Semua hal yang ada di dunia ini bisa saja berubah dan perubahan itu ditentukan oleh waktu. Begitu juga dengan persahabatanku, Sisi dan Ares. Metamorfosis kebersamaan kami disisipi sebuah perasaan yang seharusnya nggak boleh terjadi. Perasaan yang bernama cinta itu menelusup di hati kami masing-masing. Rasa saling melengkapi dan empati telah berganti cinta. Kami memang nggak pernah mengumbarnya satu sama lain, kami memberinya secara tersirat dan kami berusaha untuk memahaminya saja.
Cinta segitiga tersirat dan terselubung. Ya seperti itulah aku menyebutnya.
Ares dengan segala pesonanya menjebak hati Sisi. Sahabat kecilku itu akhirnya mengakui kalo dia jatuh cinta pada Ares. Sisi memang nggak pernah curhat padaku kalo dia menyukai Ares, tapi sebagai sahabat yang kenal betul siapa Sisi, aku nggak terlalu susah buat menangkap ada satu bentuk perasaan yang dikhususkan Sisi untuk Ares dari binar matanya saat dia menatap cowok itu.
Sisi pun berubah. Dari yang tadinya tomboy dan dandanannya serampangan perlahan feminine dan tertata. Sisi yang tadinya lebih sering ngomong tanpa dipikir berubah jadi orang yang mengombinasikan pikiran dulu baru bicara. Aku yakin semuanya karena Ares.
Lain Sisi, lain lagi aku.
Aku, si Azarya ini ternyata jatuh cinta dengan Sisi. Perasaanku jungkir balik tiap berdekatan dengannya. Tadinya, aku berusaha menyangkal tapi setelah aku cari tahu, aku nggak bisa mengelak lagi kalo memang aku menyukai Sisi tapi aku nggak tega melihat Sisi terluka. Fakta bodoh yang aku dapat adalah Ares justru menyimpan rasa pada Aura—lagi-lagi lewat pengamatanku—si primadona sekolah yang mau nggak mau bakal menyakiti hati Sisi. Jangan sampai itu terjadi dan untunglah memang nggak terjadi karena Ares kudung hijrah ke Jepang.
“Kita makan dulu ya di resoran favorit kita. Aku laper banget nih”.

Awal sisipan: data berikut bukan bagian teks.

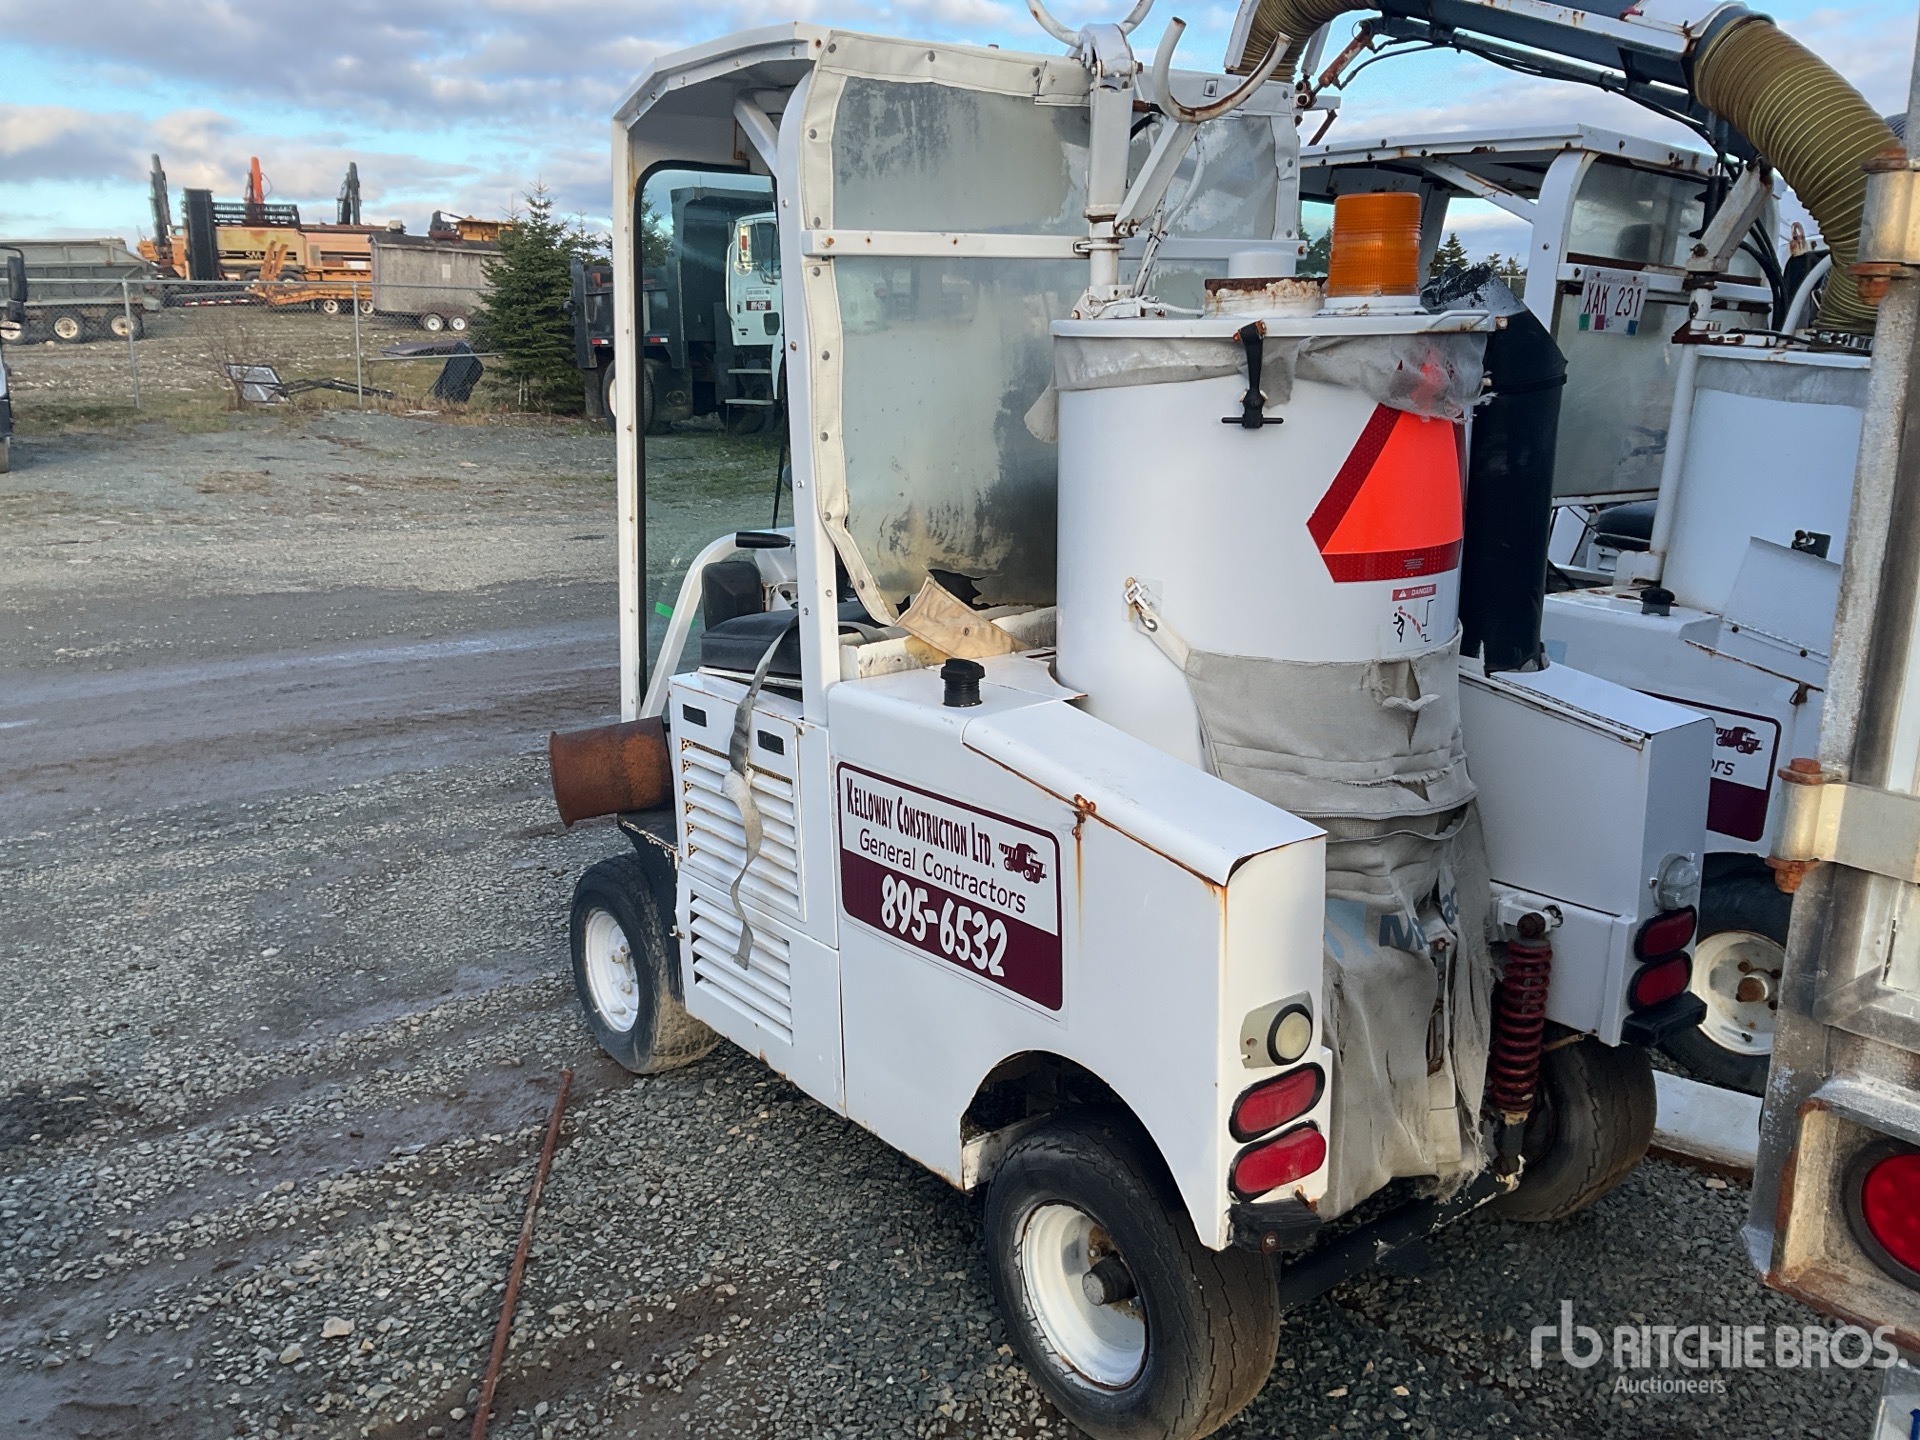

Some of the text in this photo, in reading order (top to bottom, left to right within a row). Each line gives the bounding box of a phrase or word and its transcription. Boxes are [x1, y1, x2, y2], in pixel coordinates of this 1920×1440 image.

[1583, 282, 1642, 318] XAK 231
[1411, 586, 1433, 596] DANGER
[846, 777, 996, 868] KELLOWAY CONSTRUCTION LTD.
[859, 828, 1027, 914] General Contractors
[881, 873, 1008, 978] 895-6532
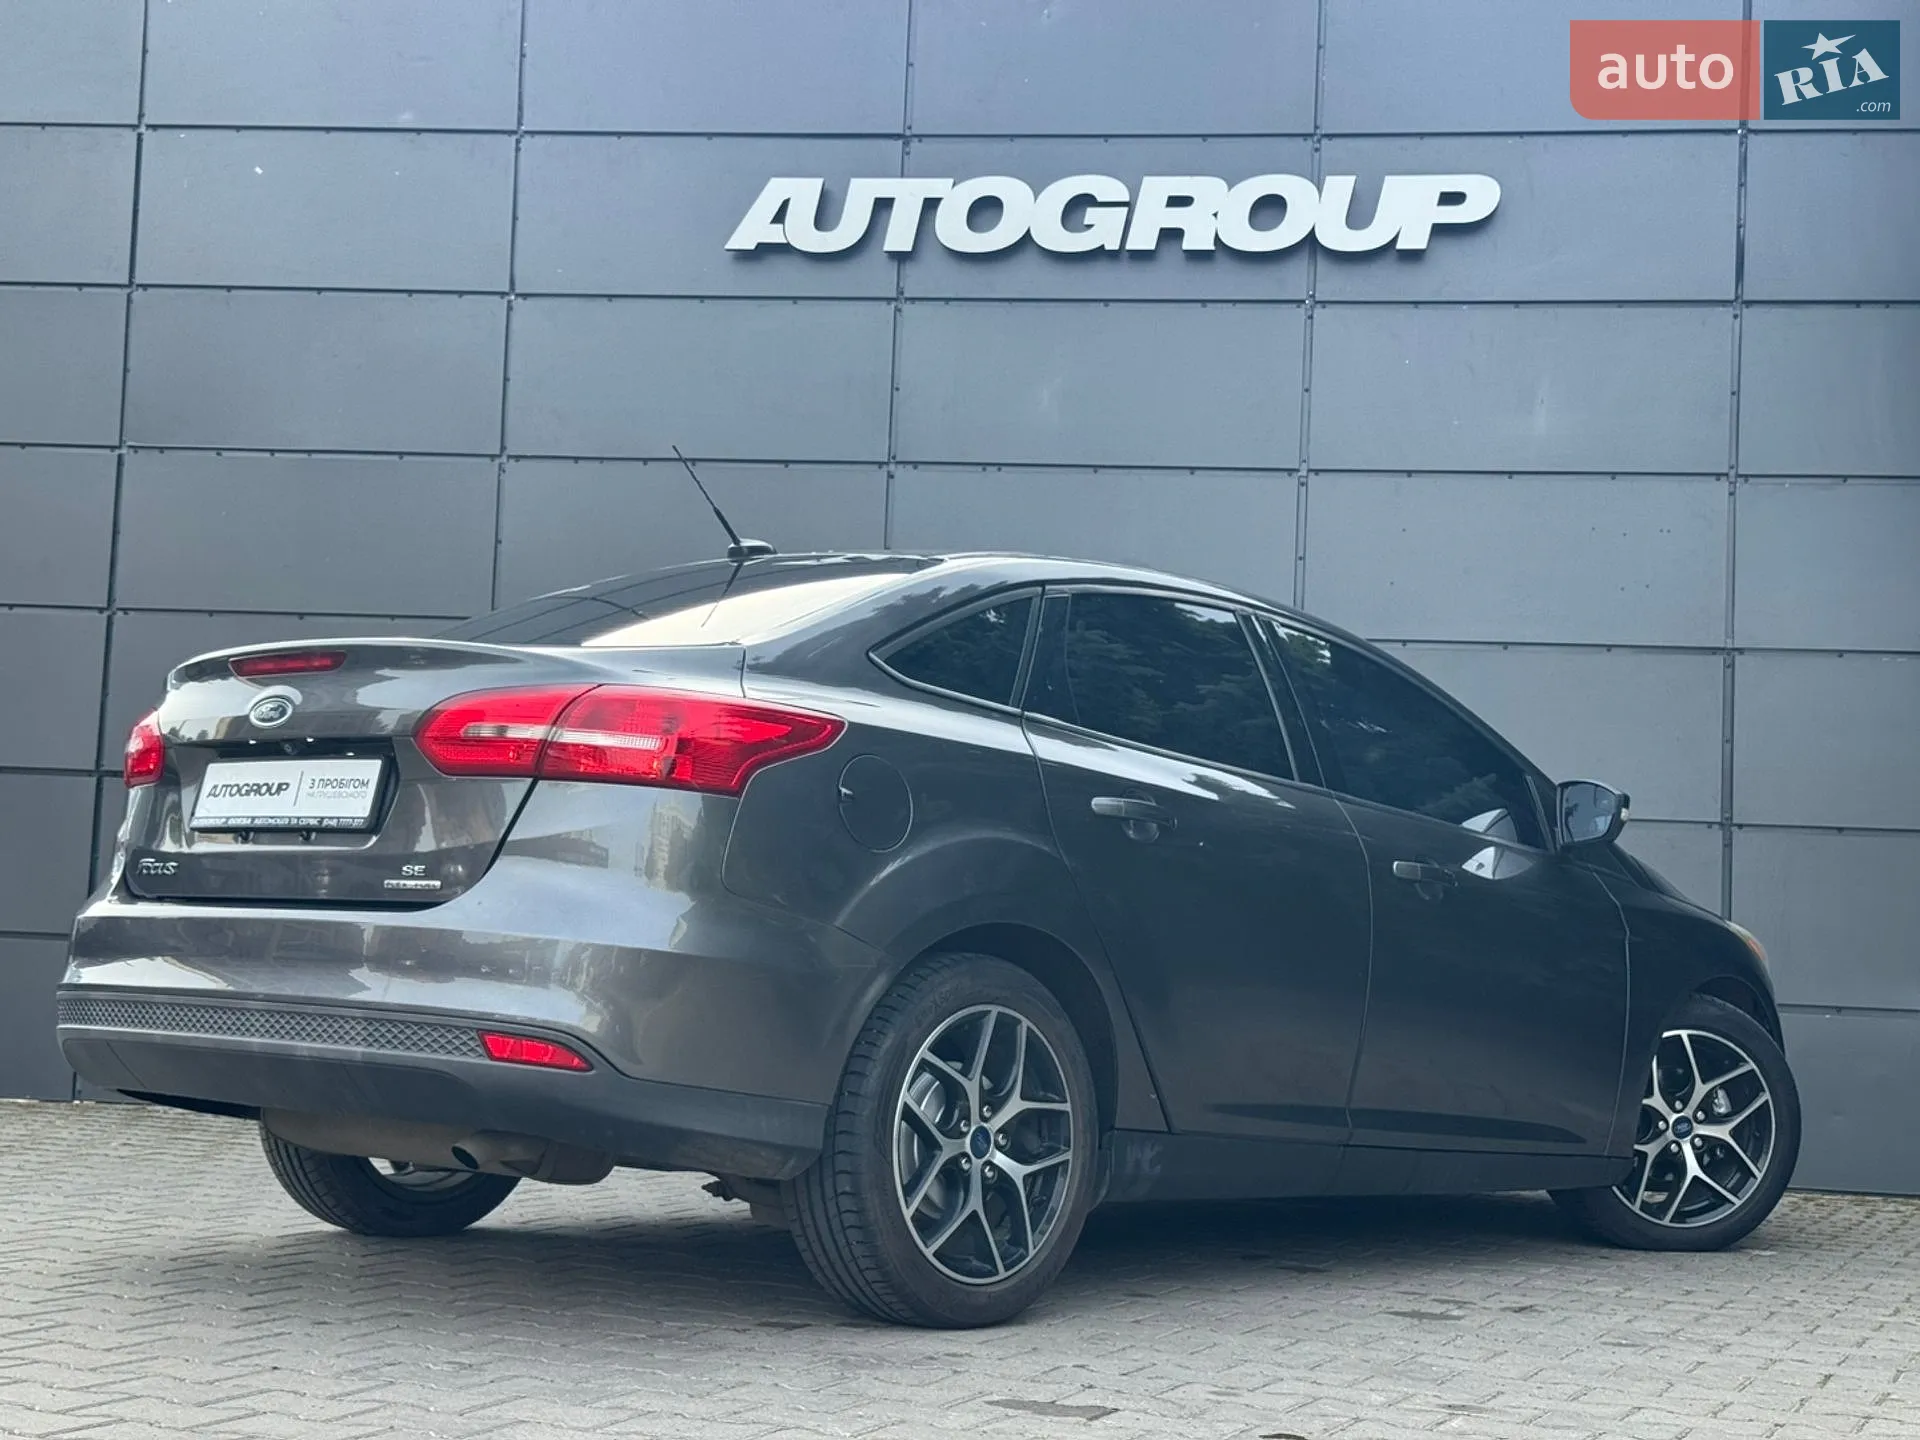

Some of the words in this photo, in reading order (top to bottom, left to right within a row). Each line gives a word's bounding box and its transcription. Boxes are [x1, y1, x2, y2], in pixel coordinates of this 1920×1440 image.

[724, 173, 1502, 255] AUTOGROUP
[206, 782, 290, 799] AUTOGROUP
[316, 778, 370, 790] ПРОБІГОМ
[401, 865, 426, 876] SE

Aku sadar, ‘kita’ yang dimaksud Sisi barusan adalah kami bertiga. Mendengar permintaan Sisi, aku Cuma tersenyum dan langsung mengiyakan. Semua aku lakukan buat mengembalikan lagi keceriaan Sisi yang sebenarnya belum bisa aku temukan hingga detik ini.

======ooo00ooo======

Sampailah kami di Mon Ami, restoran favorit kami. Ares yang mengenalkan kami pada restoran ini. Ares memang orang yang ‘nyeni’ kalo bicara soal restoran. Instingnya bekerja dengan baik untuk memburu restoran mana saja yang menyajikan makanan-makanan enak. Aku dan Sisi mengakui bakatnya itu.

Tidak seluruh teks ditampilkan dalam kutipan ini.